The problem:
Every entry below should be written out exactly, and no image should appear.

Data to use:
####
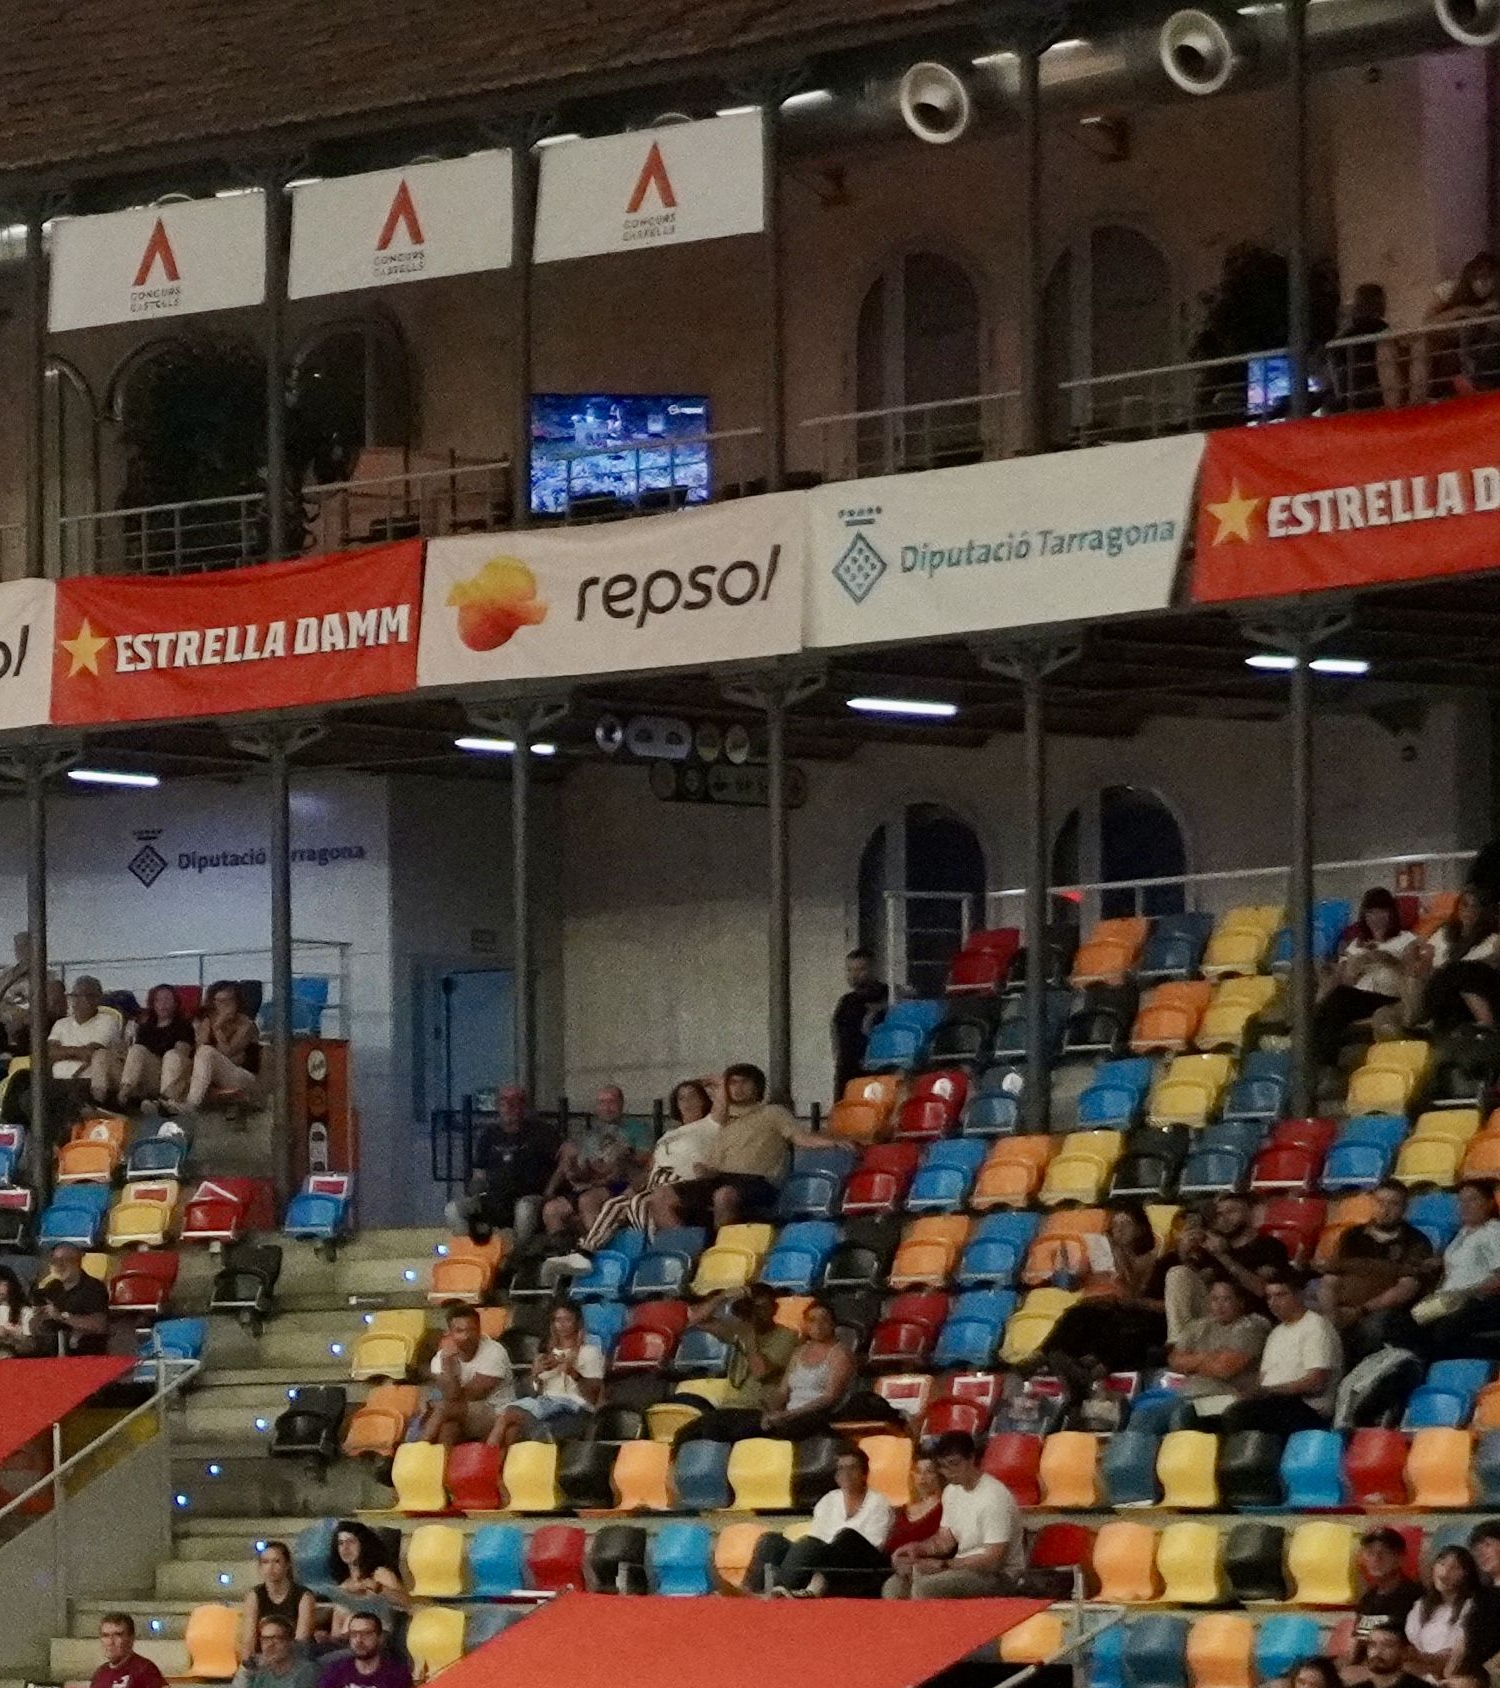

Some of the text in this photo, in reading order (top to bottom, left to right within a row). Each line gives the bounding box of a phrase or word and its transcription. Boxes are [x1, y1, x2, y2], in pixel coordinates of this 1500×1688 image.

[1267, 470, 1462, 539] ESTRELLA
[900, 518, 1176, 577] Diputació Tarragona
[576, 544, 781, 629] repsol
[114, 604, 410, 674] ESTRELLA DAMM
[178, 845, 364, 872] Diputació rragona
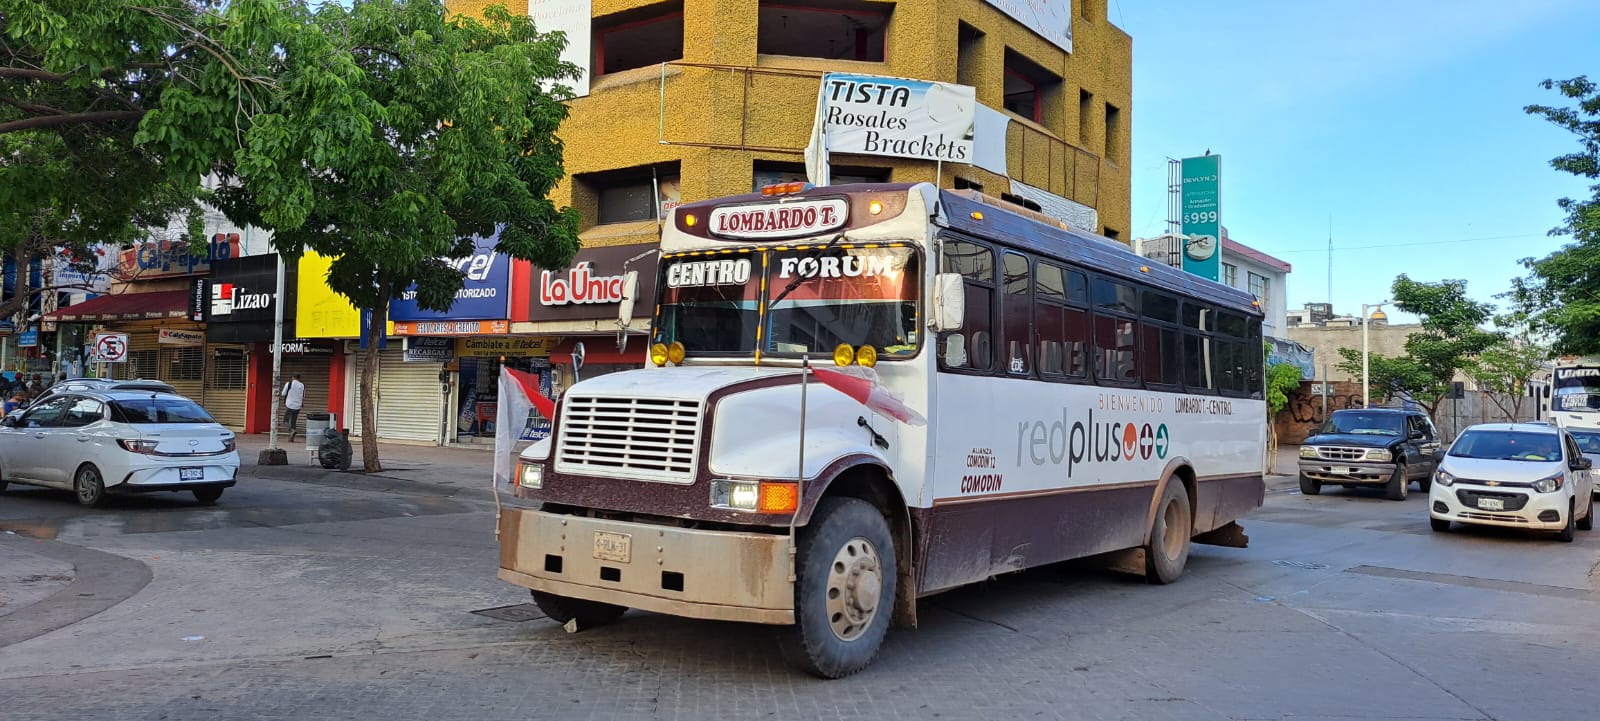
####
Response to the exercise:
Some of the text in this photo, in reading order (top to bottom, left to right within a row). Each line gives the bounding box of a phrase or word and its transcription. Boxes are [x1, y1, x2, y2], in pixel coordinates of this 1500×1688 image.

[1267, 470, 1462, 539] ESTRELLA
[900, 518, 1176, 577] Diputació Tarragona
[576, 544, 781, 629] repsol
[114, 604, 410, 674] ESTRELLA DAMM
[178, 845, 364, 872] Diputació rragona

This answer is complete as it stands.